EXERCISE REQUIREMENTS: Text in the records must be reproduced exactly, and pictures must be skipped.

= Beginning of Section =

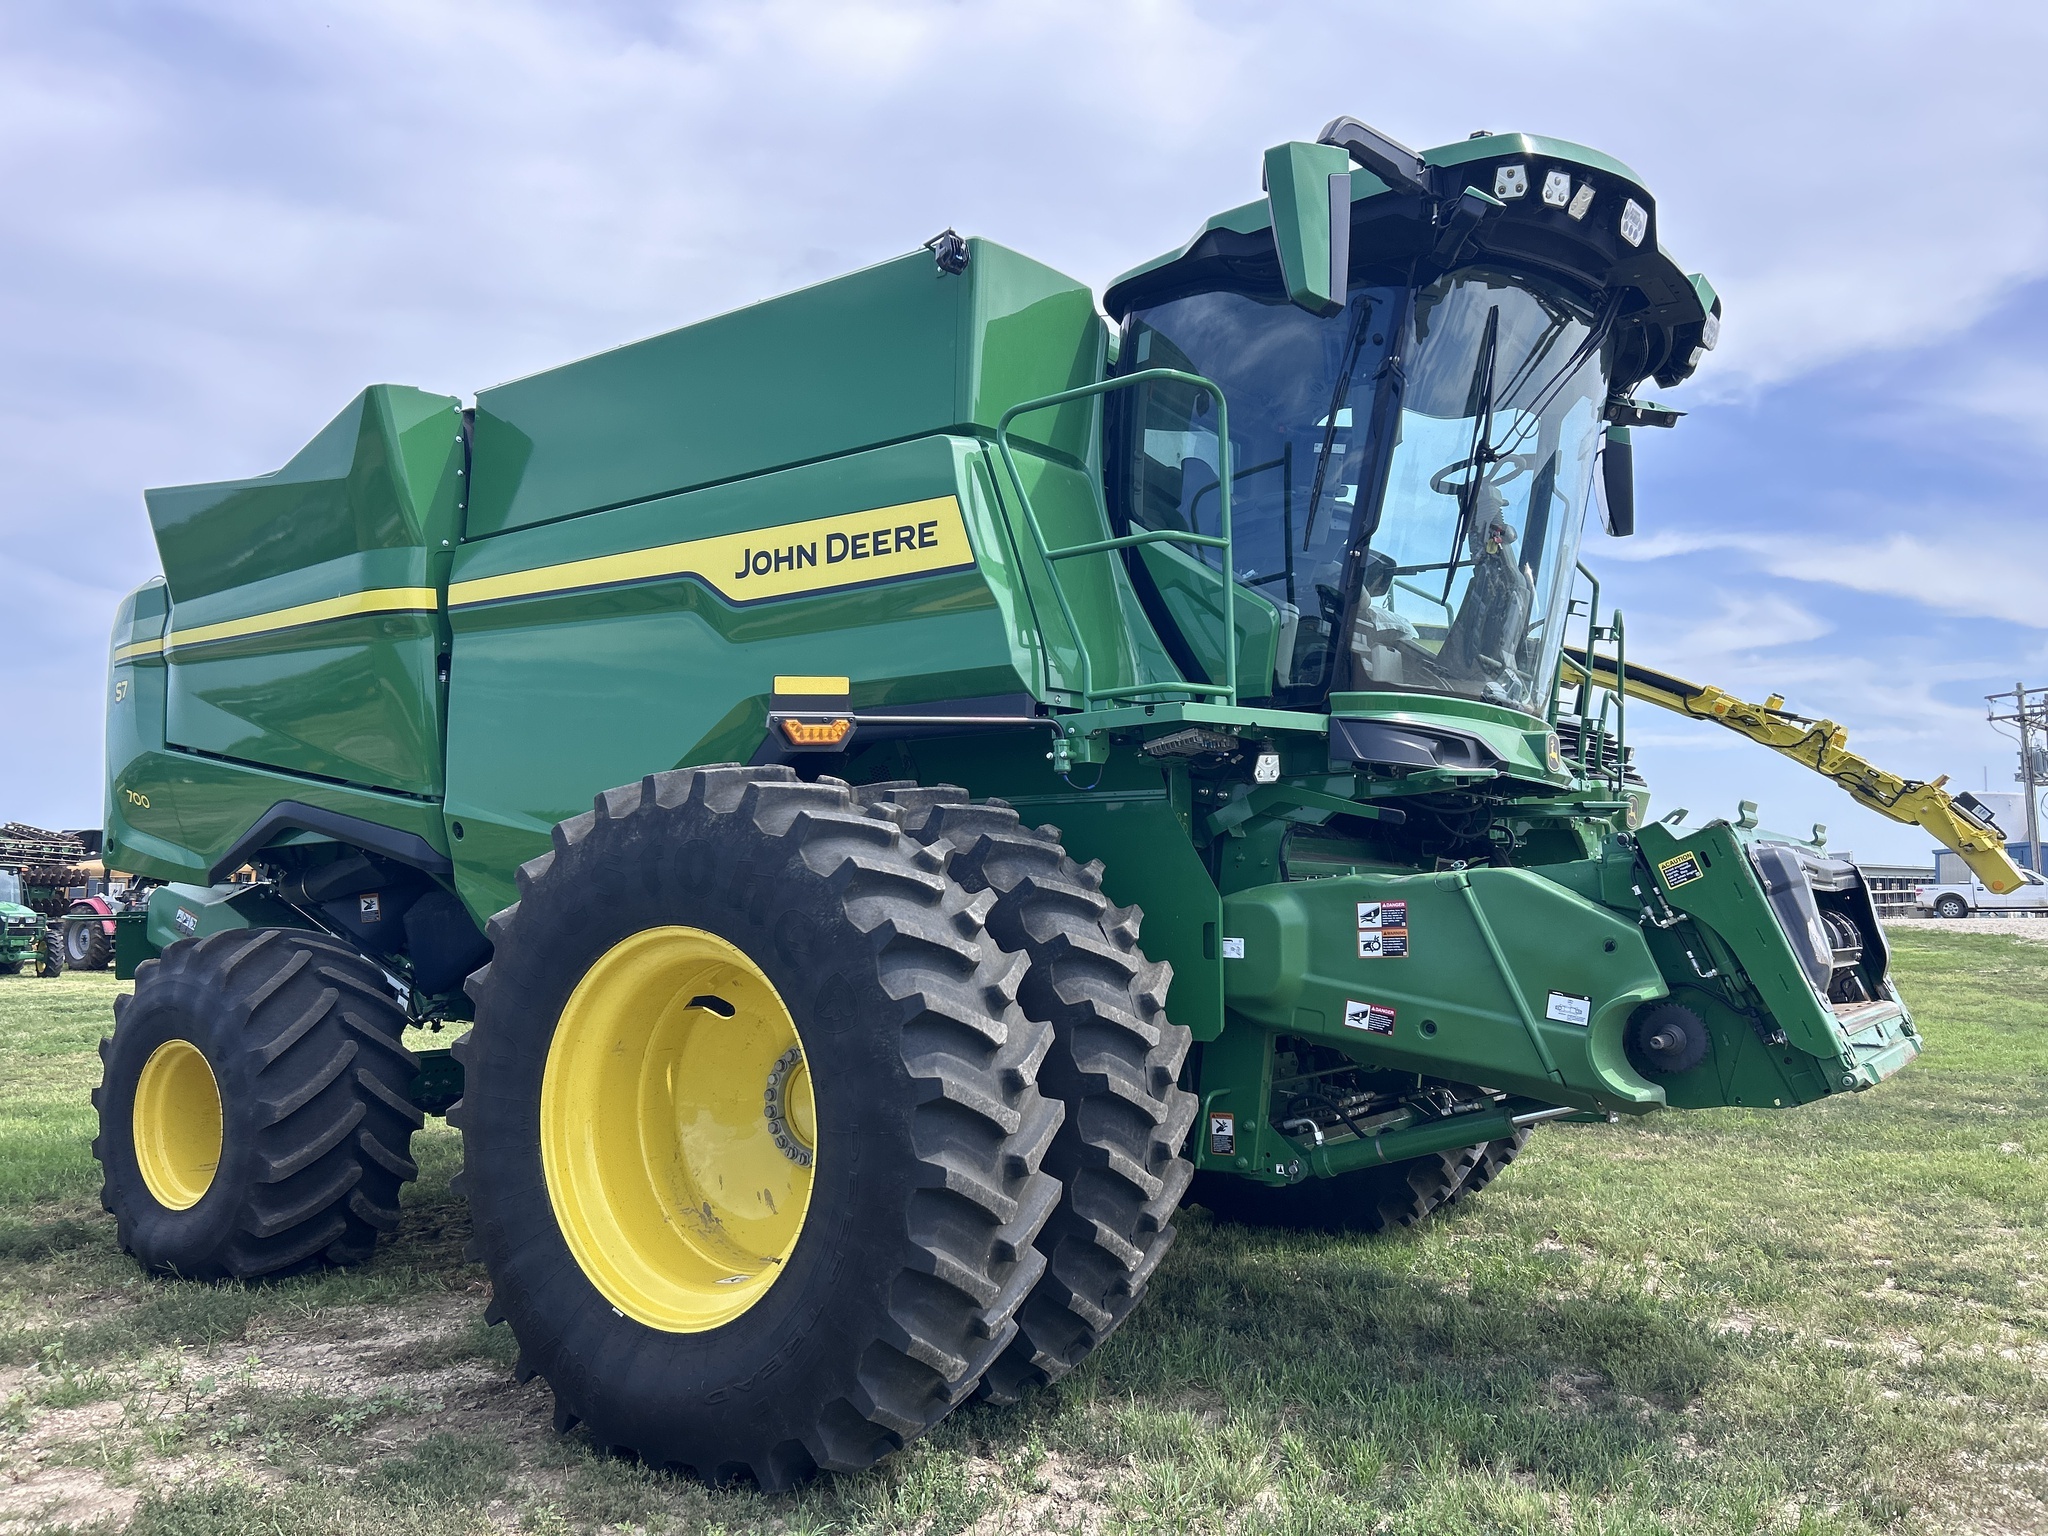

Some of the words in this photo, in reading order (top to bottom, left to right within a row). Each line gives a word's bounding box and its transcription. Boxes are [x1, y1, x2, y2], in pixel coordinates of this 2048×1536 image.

[735, 542, 817, 579] JOHN
[826, 520, 938, 564] DEERE
[115, 680, 128, 703] S7
[126, 789, 151, 809] 700
[1665, 853, 1692, 867] CAUTION

= End of Section =

WRITTEN ANSWER:
Some of the words in this photo, in reading order (top to bottom, left to right within a row). Each line gives a word's bounding box and its transcription. Boxes are [x1, y1, x2, y2], in pixel coordinates of this 2048×1536 image.

[735, 542, 817, 579] JOHN
[826, 520, 938, 564] DEERE
[115, 680, 128, 703] S7
[126, 789, 151, 809] 700
[1665, 853, 1692, 867] CAUTION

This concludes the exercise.